[Saved data entries]
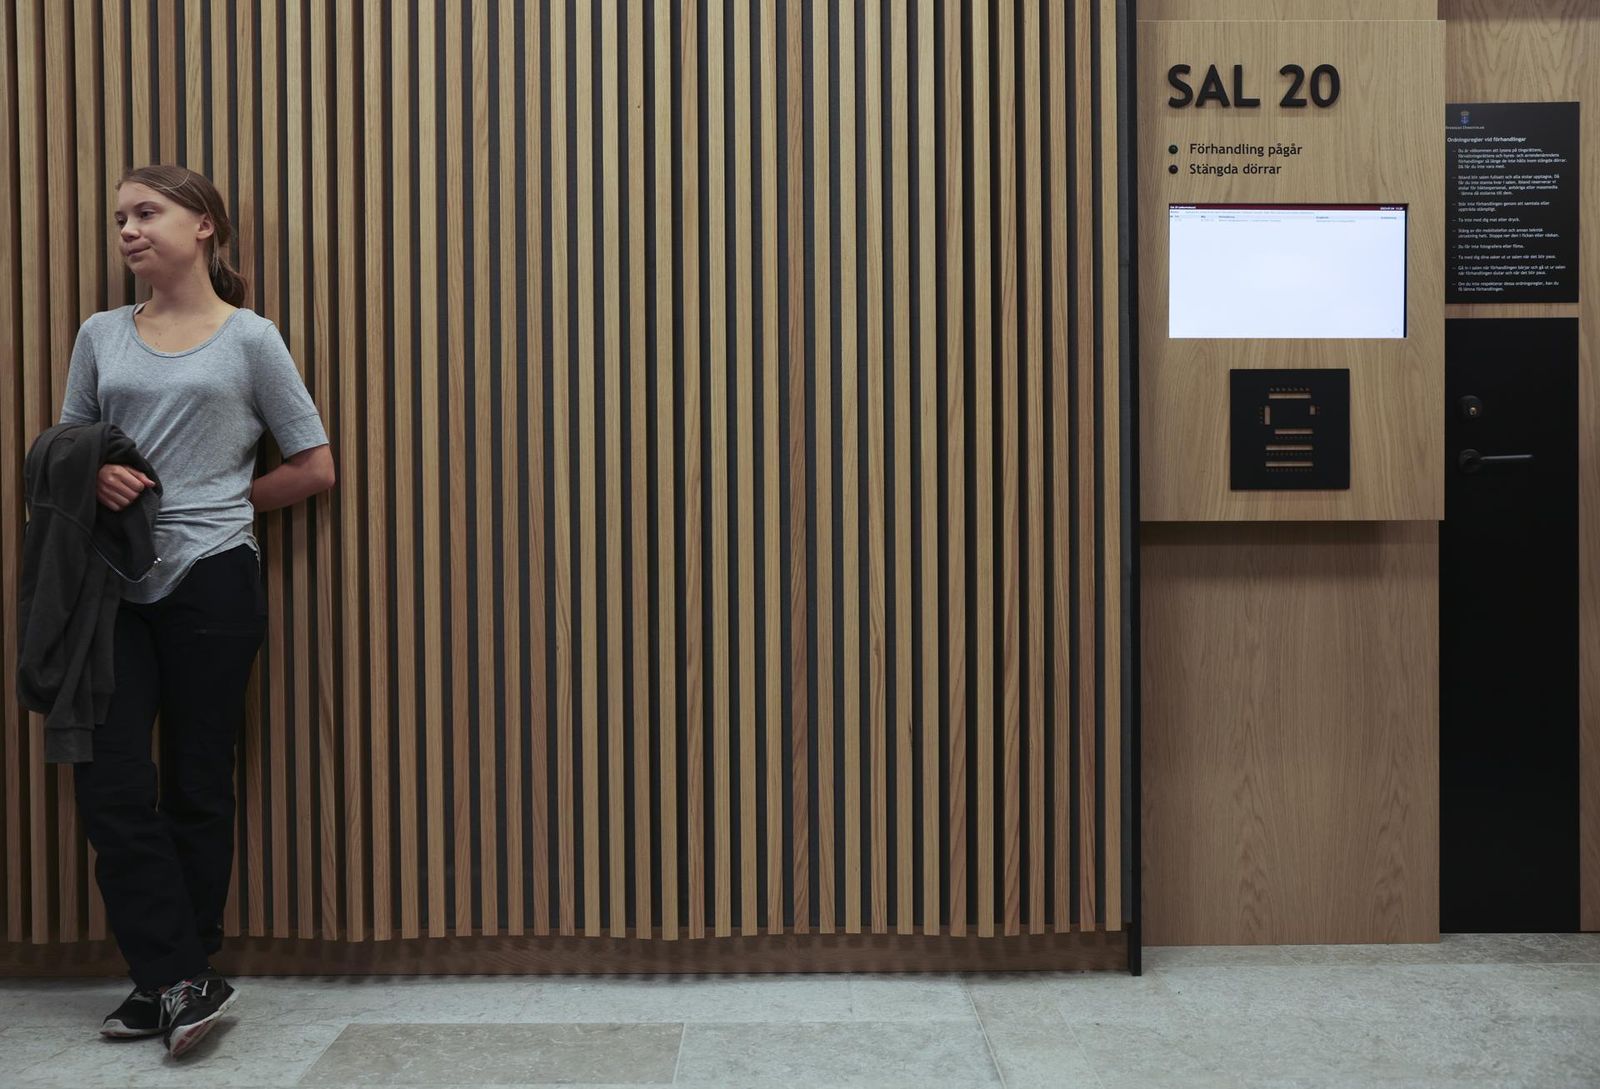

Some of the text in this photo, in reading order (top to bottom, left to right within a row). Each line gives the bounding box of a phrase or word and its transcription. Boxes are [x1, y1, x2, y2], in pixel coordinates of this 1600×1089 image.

[1168, 64, 1340, 109] SAL 20
[1190, 143, 1303, 157] Förhandling pågår
[1190, 163, 1282, 177] Stängda dörrar
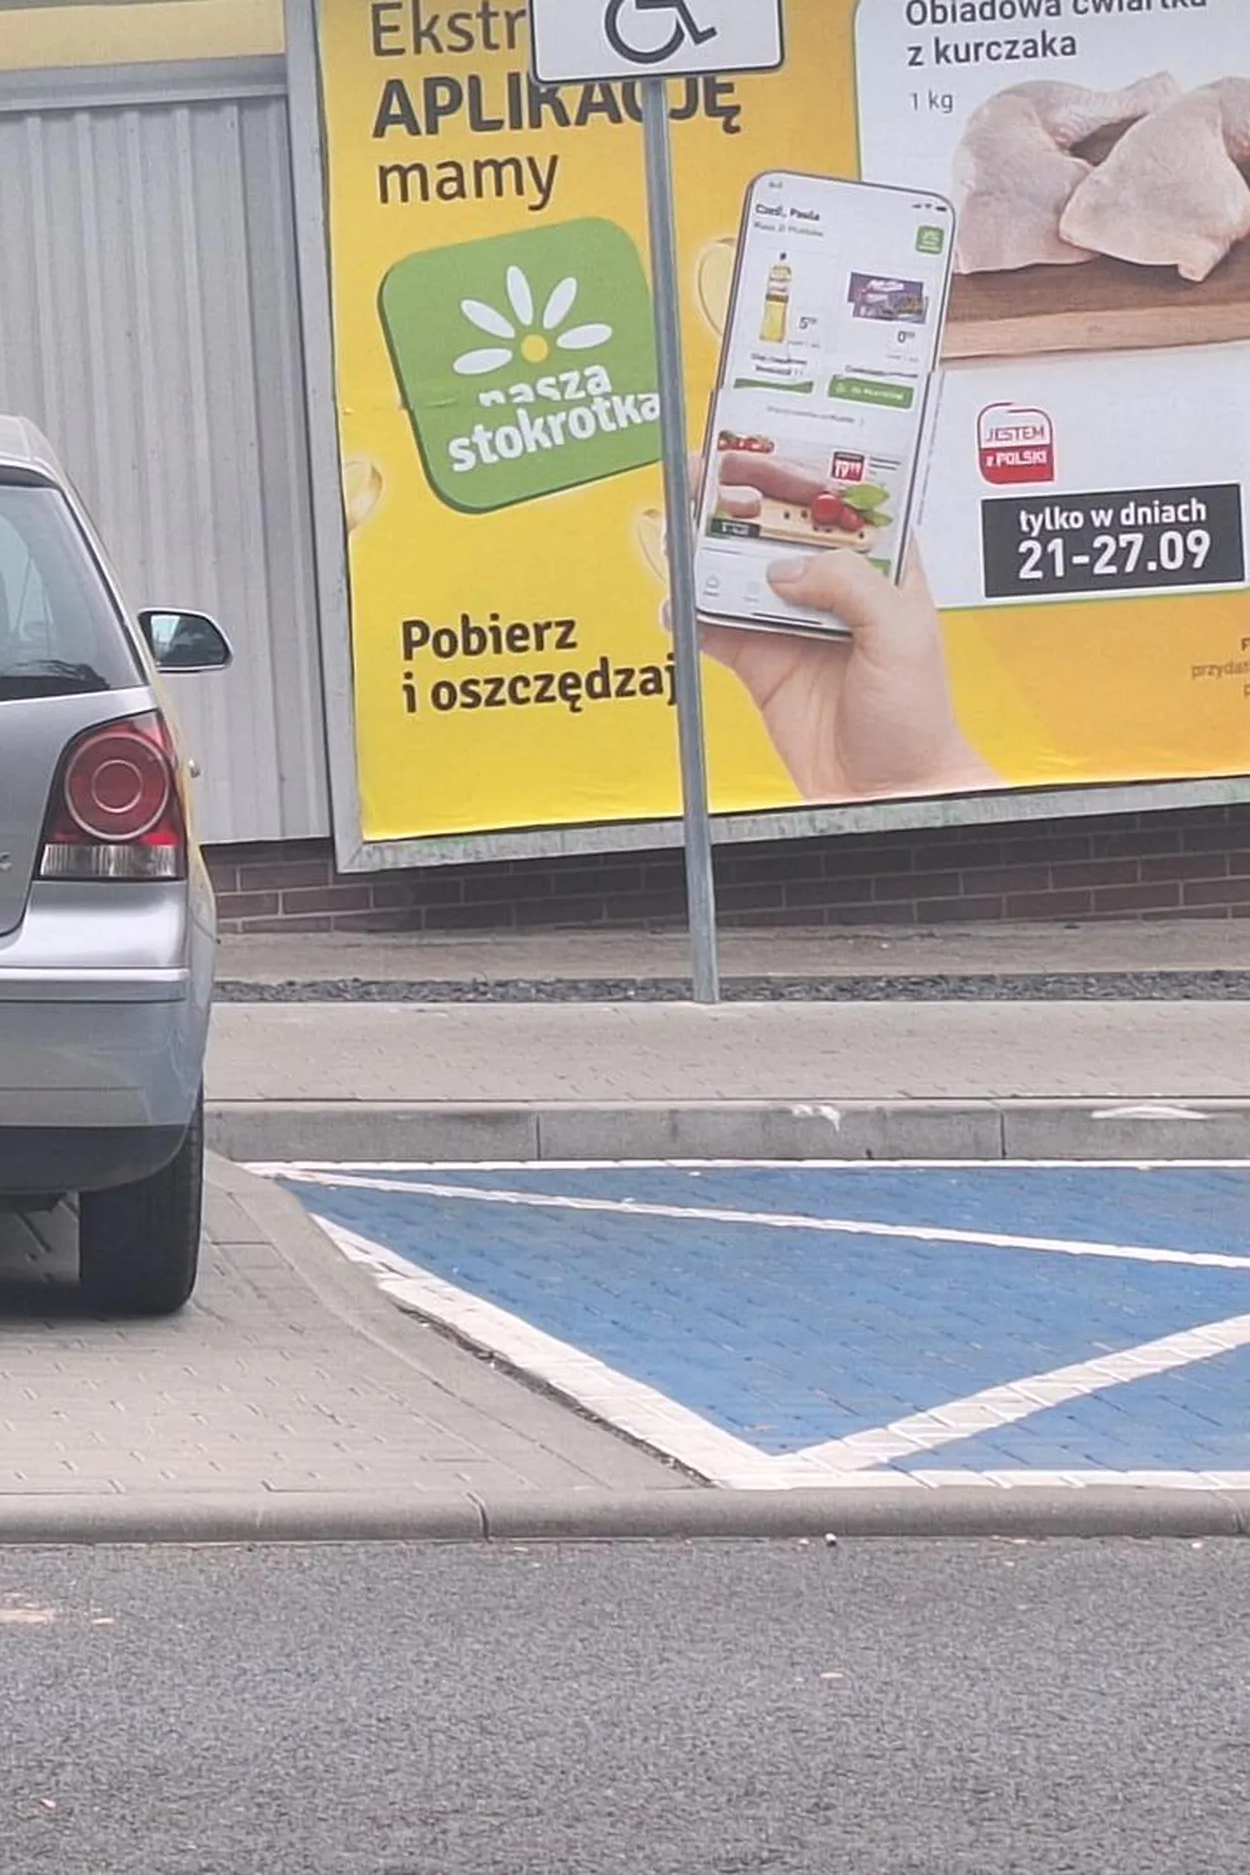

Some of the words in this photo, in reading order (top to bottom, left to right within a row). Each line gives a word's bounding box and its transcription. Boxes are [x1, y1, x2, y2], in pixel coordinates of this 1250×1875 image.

[371, 0, 528, 57] Ekstr
[905, 0, 1062, 26] Obiadowa
[907, 45, 924, 67] z
[934, 29, 1078, 65] kurczaka
[910, 92, 919, 111] 1
[928, 89, 953, 114] kg
[377, 154, 559, 212] mamy
[478, 363, 612, 408] nasza
[448, 392, 661, 472] stokrotka
[985, 425, 1044, 442] JESTEM
[996, 450, 1048, 468] POLSKI
[1018, 506, 1085, 537] tylko
[1090, 508, 1115, 528] w
[1120, 497, 1206, 526] dniach
[1018, 528, 1211, 580] 21-27.09
[401, 613, 578, 661] Pobierz
[402, 671, 417, 713] i
[430, 652, 678, 713] oszczędzaj
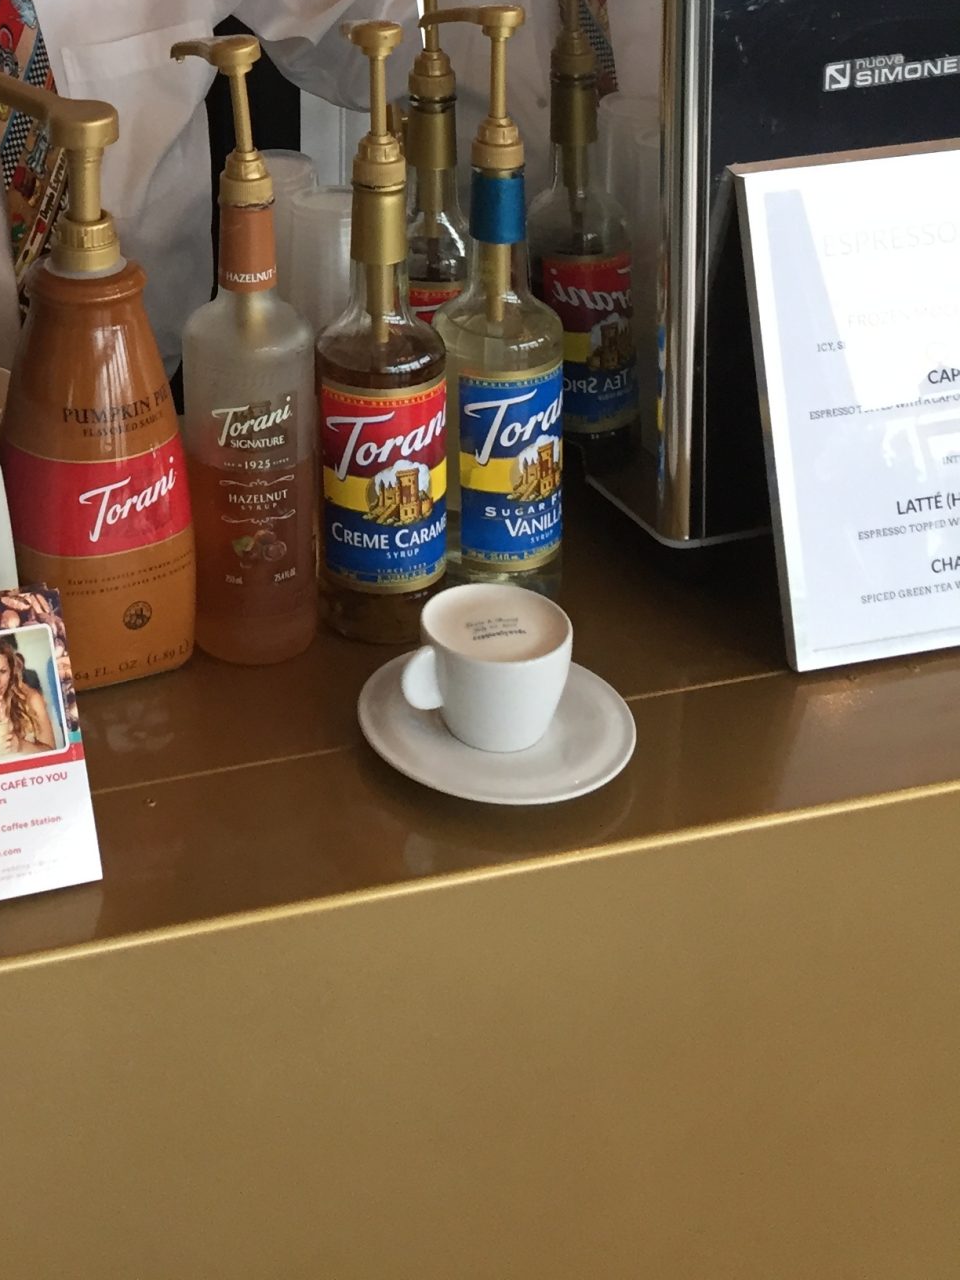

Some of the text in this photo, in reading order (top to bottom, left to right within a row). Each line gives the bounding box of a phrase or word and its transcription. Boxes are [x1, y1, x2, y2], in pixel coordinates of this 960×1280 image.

[856, 53, 904, 69] nuova
[856, 59, 958, 86] SIMONE
[226, 268, 273, 283] HAZELNUT
[63, 397, 152, 425] PUMPKIN
[809, 406, 856, 420] ESPRESSO
[212, 396, 292, 447] Torani
[230, 435, 286, 449] SIGNATURE
[245, 459, 271, 470] 1925
[79, 456, 177, 542] Torani
[228, 488, 289, 504] HAZELNUT
[896, 492, 943, 515] LATTÉ
[240, 501, 278, 511] SYRUP
[485, 502, 545, 518] SUGAR
[331, 522, 389, 549] CREME
[858, 525, 907, 540] ESPRESSO
[909, 519, 946, 533] TOPPED
[386, 547, 420, 559] SYRUP
[861, 591, 896, 605] SPICED
[898, 585, 932, 599] GREEN
[934, 582, 953, 594] TEA
[73, 670, 90, 681] 64
[118, 659, 138, 672] OZ
[0, 777, 28, 791] CAFÉ
[29, 775, 44, 786] TO
[46, 771, 69, 783] YOU
[1, 821, 28, 833] Coffee
[31, 816, 61, 827] Station
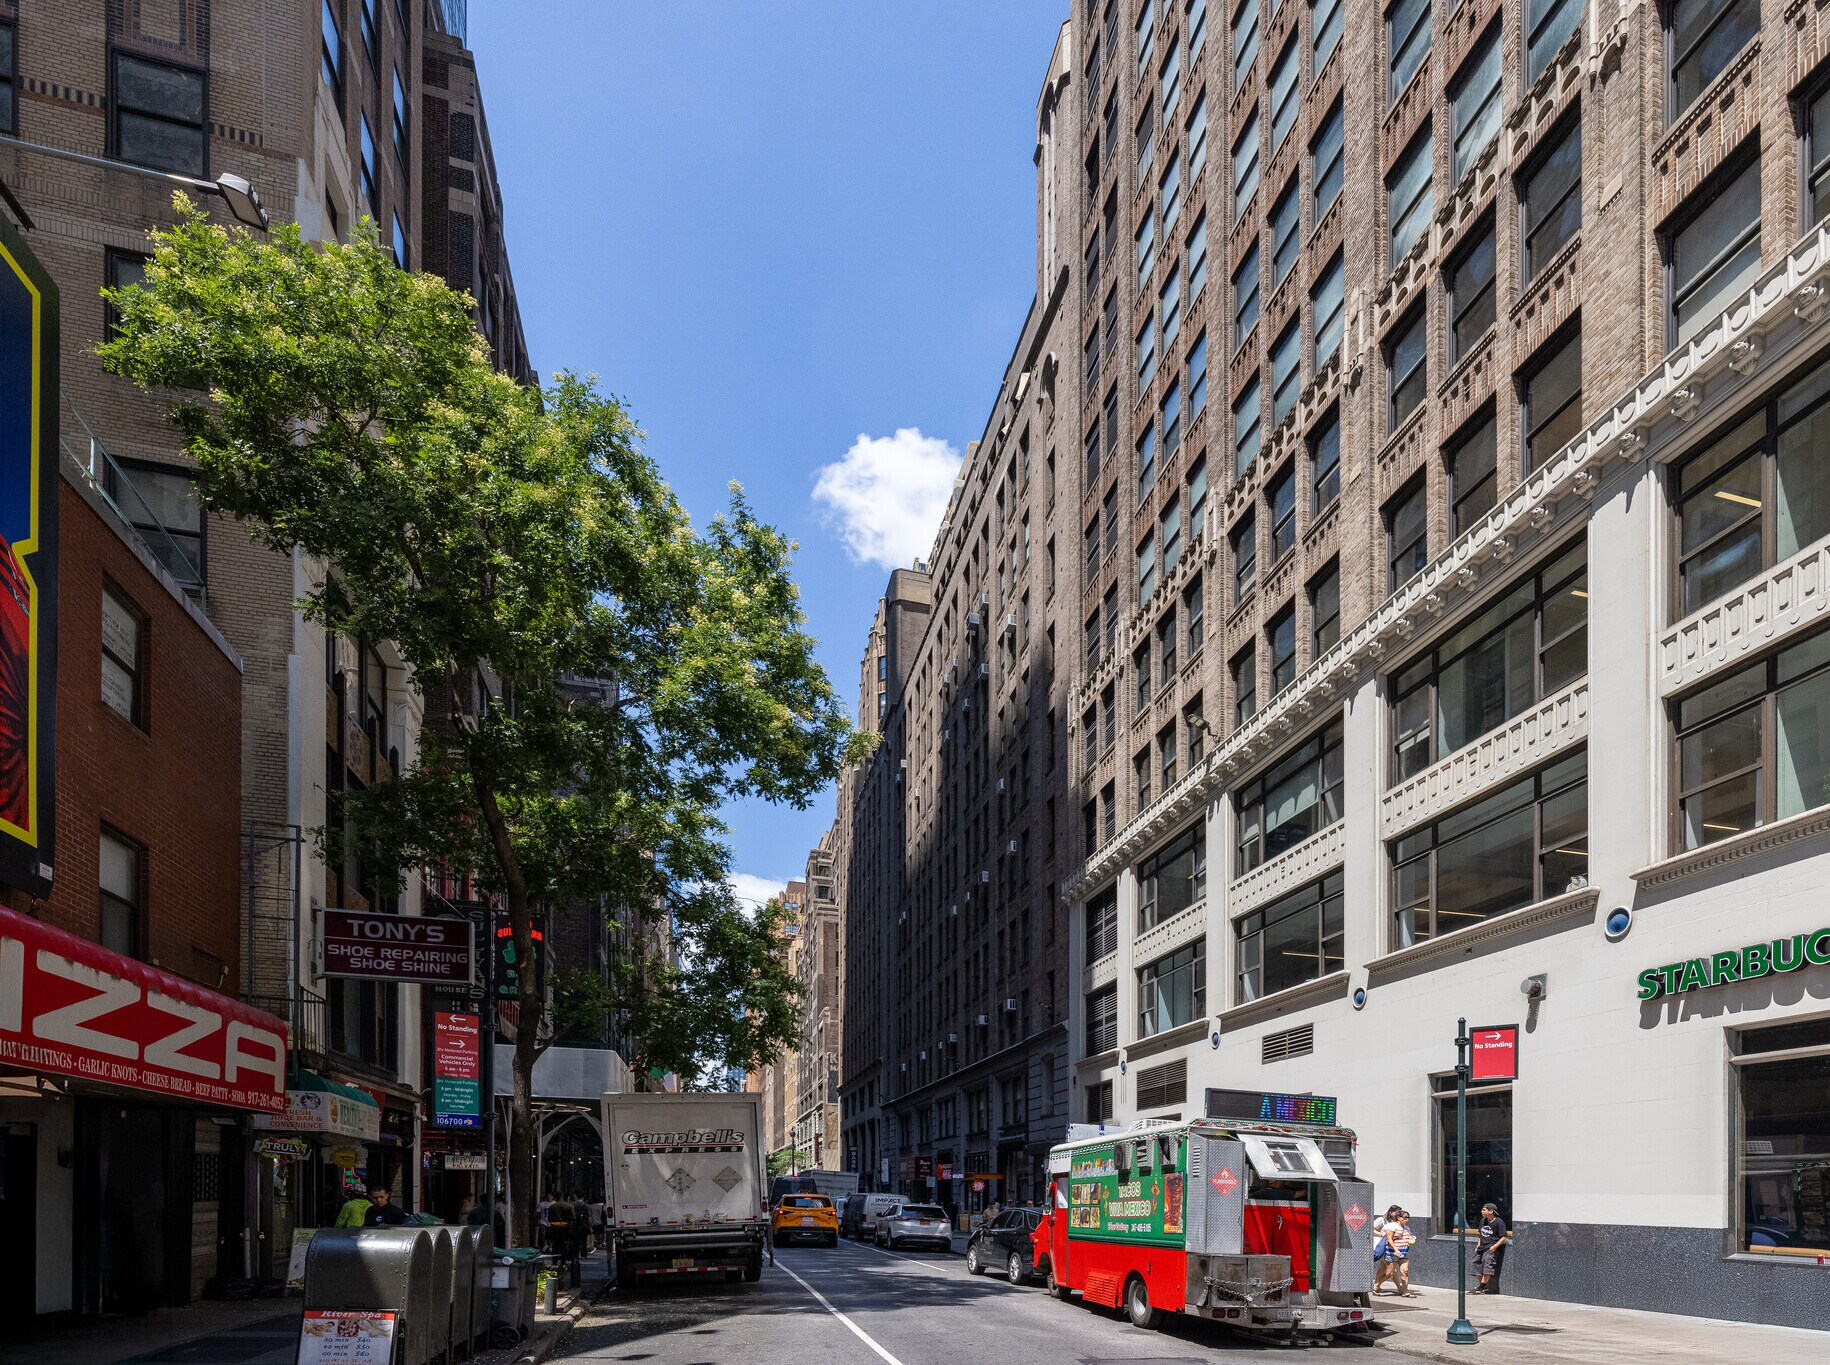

* Action item: Every entry above needs to be duplicated exactly, without its images.

* Solution to the exercise:
Some of the text in this photo, in reading order (top to bottom, left to right within a row). Each line gives the bounding box of a phrase or word and its transcription. Boxes are [x1, y1, x2, y2], in pixel coordinates of this 1600×1089 image.

[1168, 64, 1340, 109] SAL 20
[1190, 143, 1303, 157] Förhandling pågår
[1190, 163, 1282, 177] Stängda dörrar

Some of the words in this photo, in reading order (top to bottom, left to right within a row). Each line gives a word's bounding box and its transcription. Boxes are [x1, y1, x2, y2], in pixel coordinates of this 1250×1875 image.

[371, 0, 528, 57] Ekstr
[905, 0, 1062, 26] Obiadowa
[907, 45, 924, 67] z
[934, 29, 1078, 65] kurczaka
[910, 92, 919, 111] 1
[928, 89, 953, 114] kg
[377, 154, 559, 212] mamy
[478, 363, 612, 408] nasza
[448, 392, 661, 472] stokrotka
[985, 425, 1044, 442] JESTEM
[996, 450, 1048, 468] POLSKI
[1018, 506, 1085, 537] tylko
[1090, 508, 1115, 528] w
[1120, 497, 1206, 526] dniach
[1018, 528, 1211, 580] 21-27.09
[401, 613, 578, 661] Pobierz
[402, 671, 417, 713] i
[430, 652, 678, 713] oszczędzaj

Some of the text in this photo, in reading order (top to bottom, left to right within a row). Each line gives the bounding box of a phrase or word and its transcription. Boxes are [x1, y1, x2, y2], in pixel coordinates of this 960×1280 image.

[856, 53, 904, 69] nuova
[856, 59, 958, 86] SIMONE
[226, 268, 273, 283] HAZELNUT
[63, 397, 152, 425] PUMPKIN
[809, 406, 856, 420] ESPRESSO
[212, 396, 292, 447] Torani
[230, 435, 286, 449] SIGNATURE
[245, 459, 271, 470] 1925
[79, 456, 177, 542] Torani
[228, 488, 289, 504] HAZELNUT
[896, 492, 943, 515] LATTÉ
[240, 501, 278, 511] SYRUP
[485, 502, 545, 518] SUGAR
[331, 522, 389, 549] CREME
[858, 525, 907, 540] ESPRESSO
[909, 519, 946, 533] TOPPED
[386, 547, 420, 559] SYRUP
[861, 591, 896, 605] SPICED
[898, 585, 932, 599] GREEN
[934, 582, 953, 594] TEA
[73, 670, 90, 681] 64
[118, 659, 138, 672] OZ
[0, 777, 28, 791] CAFÉ
[29, 775, 44, 786] TO
[46, 771, 69, 783] YOU
[1, 821, 28, 833] Coffee
[31, 816, 61, 827] Station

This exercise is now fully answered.